**YOUR INSTRUCTIONS:** Everything in the listing that follows should be reproduced exactly except the pictures.

**EXERCISE DATA:**
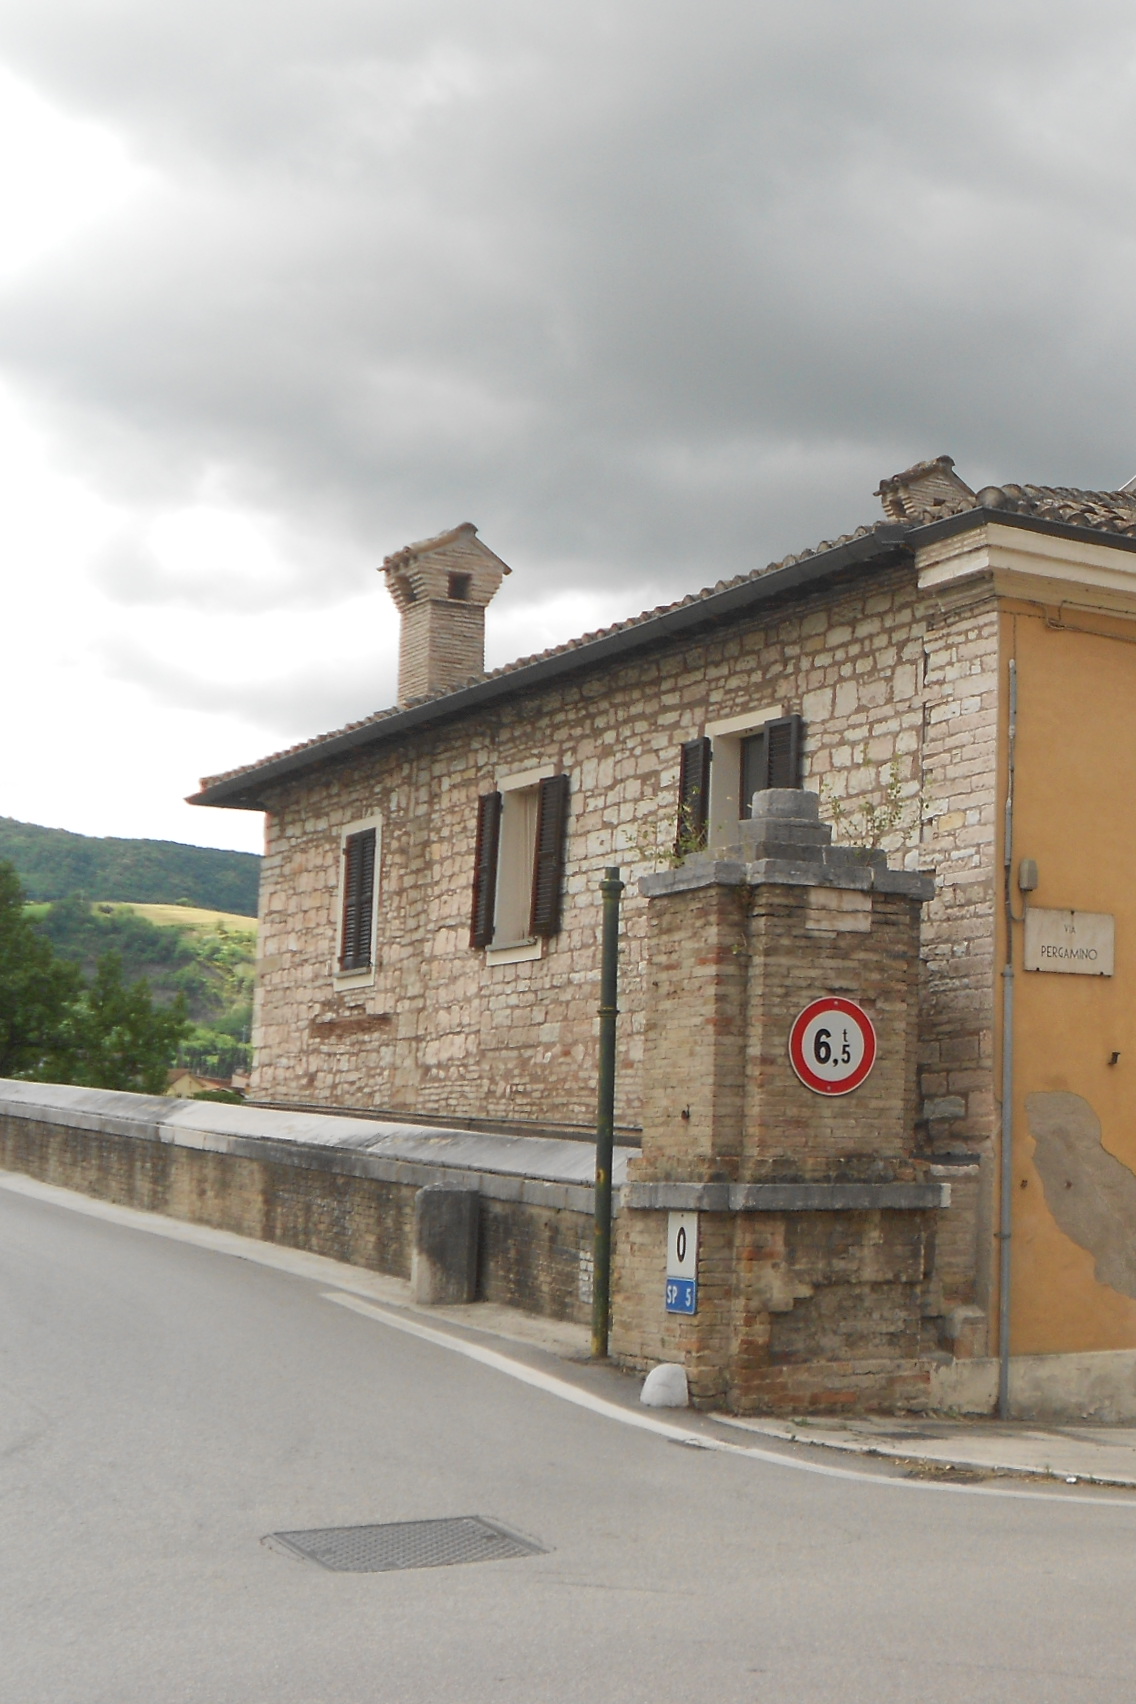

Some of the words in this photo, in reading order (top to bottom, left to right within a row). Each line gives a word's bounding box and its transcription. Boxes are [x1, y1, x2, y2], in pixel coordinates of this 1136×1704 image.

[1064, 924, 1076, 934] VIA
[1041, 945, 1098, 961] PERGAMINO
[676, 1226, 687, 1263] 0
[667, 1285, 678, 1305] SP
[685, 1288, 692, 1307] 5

**RESULT OF THIS EXERCISE:**
Some of the words in this photo, in reading order (top to bottom, left to right within a row). Each line gives a word's bounding box and its transcription. Boxes are [x1, y1, x2, y2], in pixel coordinates of this 1136×1704 image.

[1064, 924, 1076, 934] VIA
[1041, 945, 1098, 961] PERGAMINO
[676, 1226, 687, 1263] 0
[667, 1285, 678, 1305] SP
[685, 1288, 692, 1307] 5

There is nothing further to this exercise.